Alimentos como el ajo, la cebolla, los cítricos, el yogur, el kéfir o el aceite de oliva virgen extra aportan sustancias con efecto antioxidante, antiinflamatorio y protector del corazón. Involucrar a los niños en la cocina y ofrecerles platos coloridos, donde abunden vegetales de distintos colores, es una forma práctica de que consuman todos esos nutrientes de manera cotidiana.
Hidratación adecuada
Beber suficiente agua a lo largo del día ayuda a que el cuerpo elimine toxinas, regule la temperatura y lubrique las articulaciones. En los niños, ofrecer agua con frecuencia (no solo cuando tienen sed) y limitar los refrescos azucarados protege su salud dental, digestiva y metabólica.
Las infusiones suaves sin cafeína, los caldos caseros de verduras y las aguas aromatizadas con rodajas de frutas pueden ser alternativas atractivas para que toda la familia se mantenga bien hidratada.

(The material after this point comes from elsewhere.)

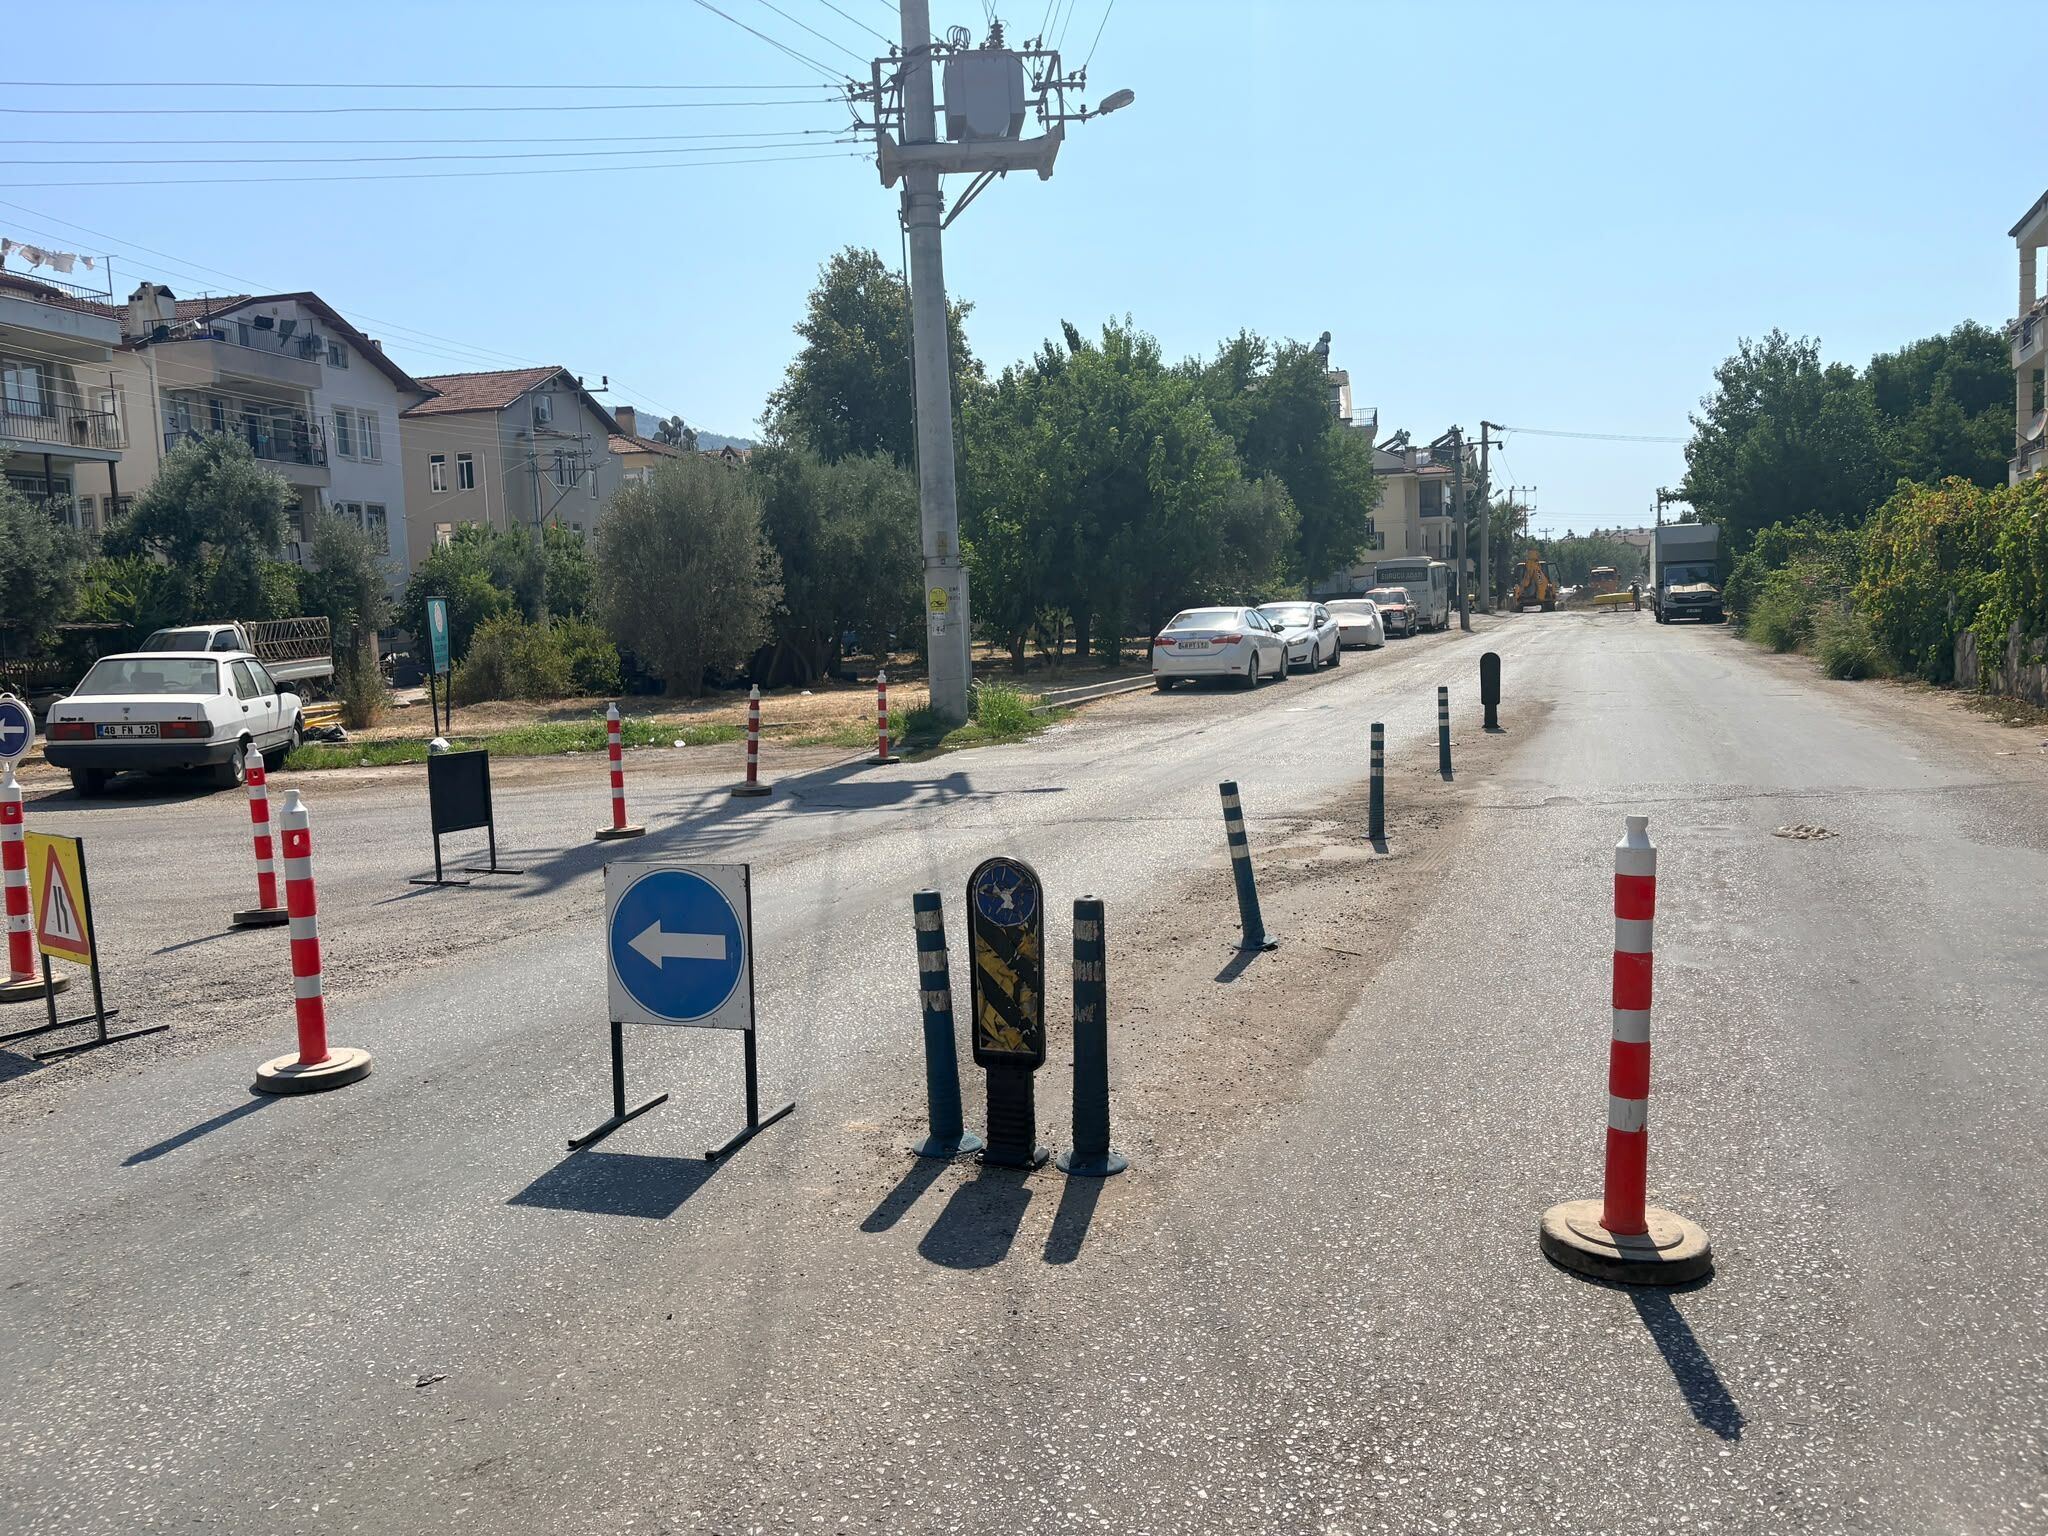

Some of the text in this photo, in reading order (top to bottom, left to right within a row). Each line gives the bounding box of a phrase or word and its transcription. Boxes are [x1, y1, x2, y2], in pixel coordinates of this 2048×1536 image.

[104, 725, 156, 735] 48 FN 126
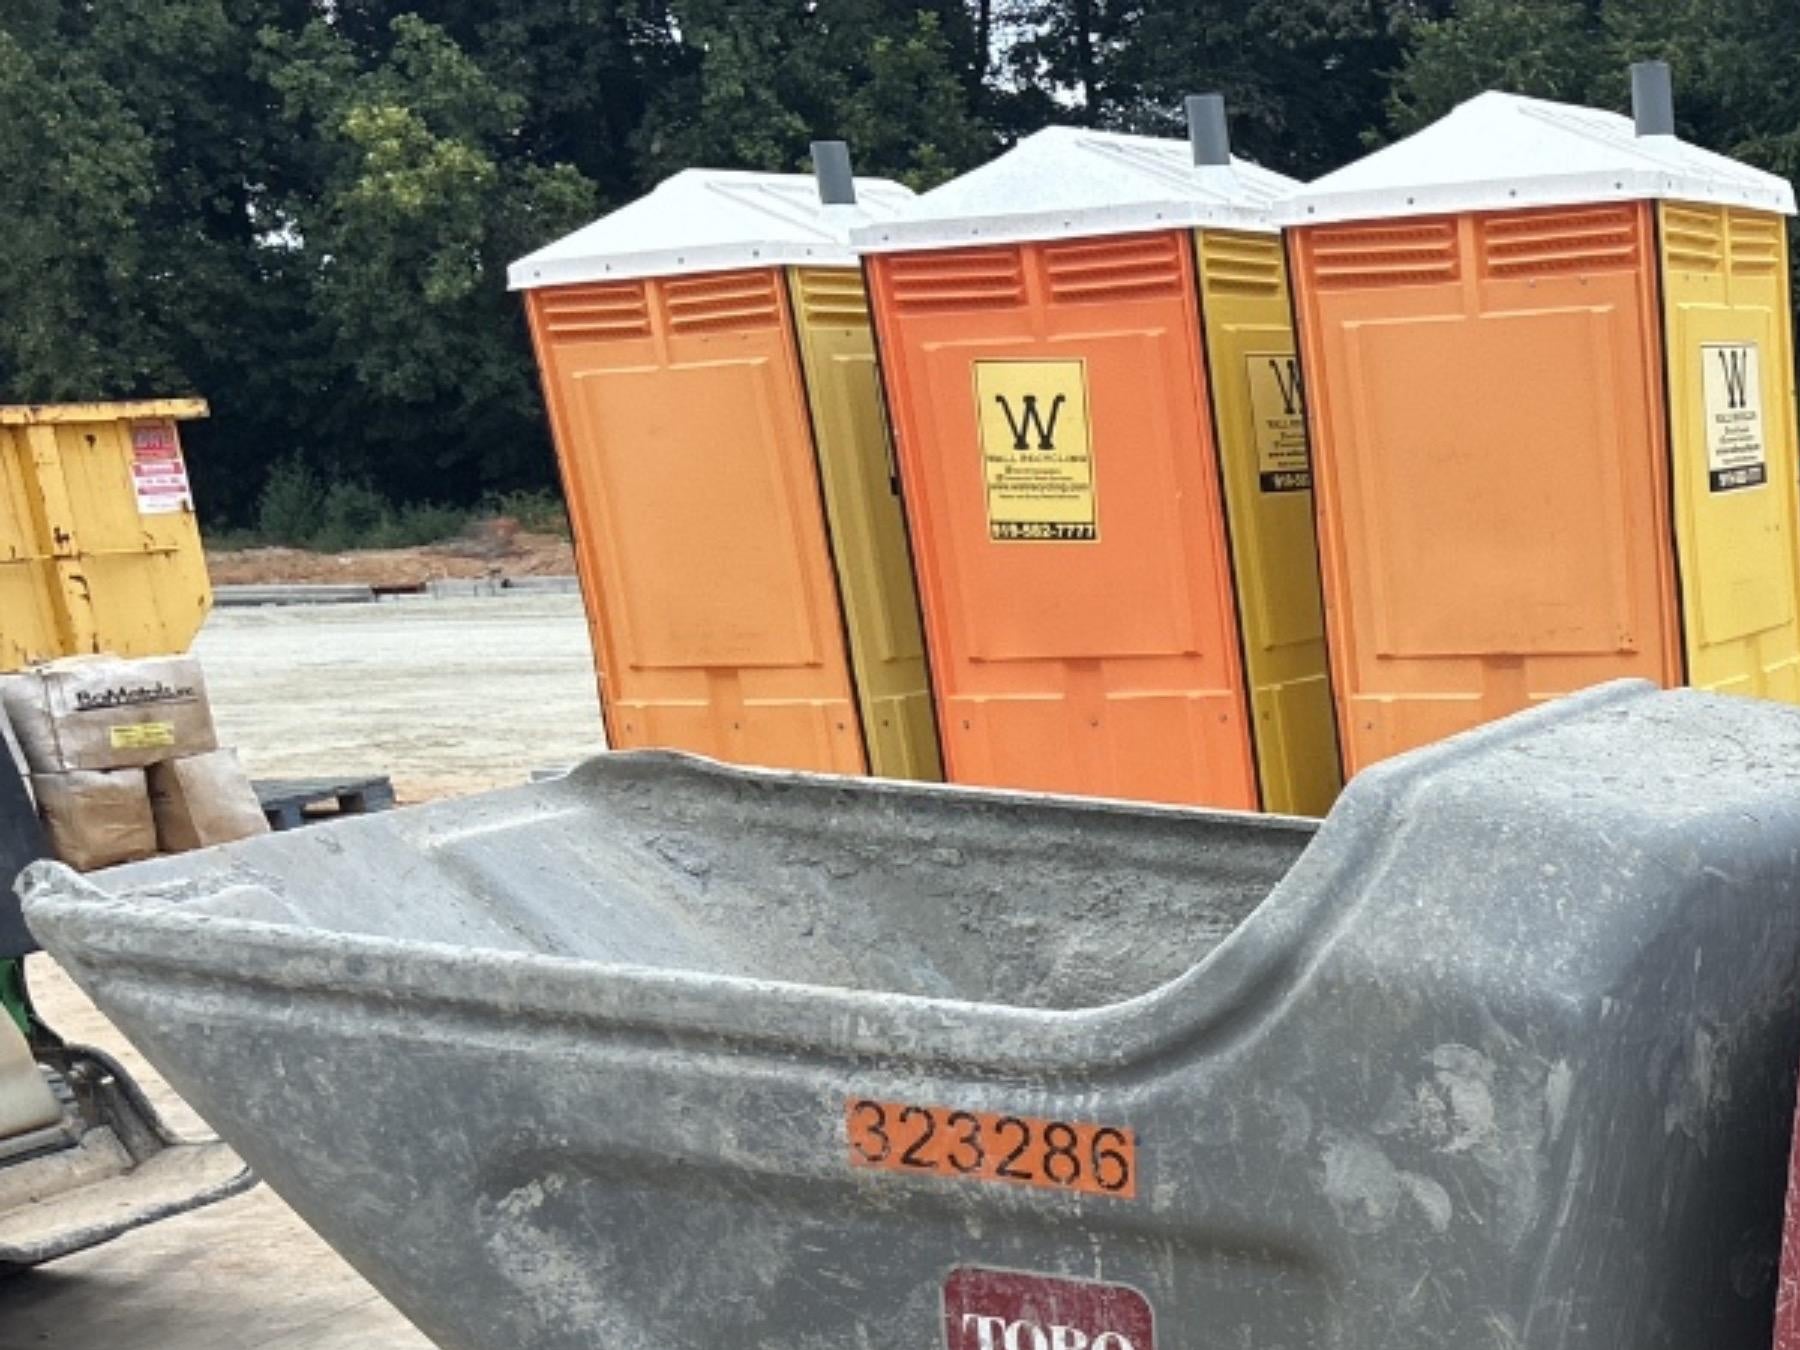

Descanso y gestión del estrés
Dormir bien permite que el sistema inmunitario se recupere y regenere. Los adultos deberían dormir entre siete y nueve horas, mientras que los niños necesitan aún más tiempo según su edad. Una rutina de sueño con horarios regulares y una higiene del sueño adecuada (sin pantallas justo antes de dormir, habitación oscura y tranquila) favorece el descanso reparador.
El estrés crónico debilita las defensas, por lo que resulta útil incorporar técnicas sencillas de relajación en la vida familiar: respiraciones profundas, paseos al aire libre, juegos tranquilos antes de dormir o pequeños ratos de lectura compartida.
Actividad física y vida al aire libre
El ejercicio moderado y regular tiene un potente efecto antiinflamatorio y refuerza la inmunidad. No es necesario hacer deporte intenso: caminar a buen ritmo, montar en bicicleta, nadar o jugar en el parque son actividades perfectas para mayores y pequeños.
Siempre que sea posible, es recomendable combinar el movimiento con la exposición moderada al sol para favorecer la síntesis de vitamina D, esencial para los huesos y las defensas. Unos minutos diarios al aire libre, con la piel protegida según la época del año, marcan una gran diferencia en la salud de toda la familia.
Higiene y relaciones sociales
Lavarse las manos con agua y jabón con frecuencia, cuidar la higiene bucal y enseñar a los niños a cubrirse la boca al toser o estornudar son medidas sencillas que reducen de manera notable el contagio de infecciones en casa y en el colegio.
Al mismo tiempo, el bienestar emocional y las relaciones sociales positivas también influyen en la respuesta del sistema inmune. Reír, compartir tiempo en familia, disfrutar de actividades agradables y mantener el apoyo mutuo es, sin duda, otro de los grandes remedios naturales para mantener una familia fuerte y saludable.
Conocer y utilizar estos remedios caseros de forma responsable, junto con unos buenos hábitos de vida y la orientación de profesionales sanitarios cuando sea necesario, permite construir un entorno familiar en el que la salud se cuida día a día, con pequeños gestos que suman bienestar para todos.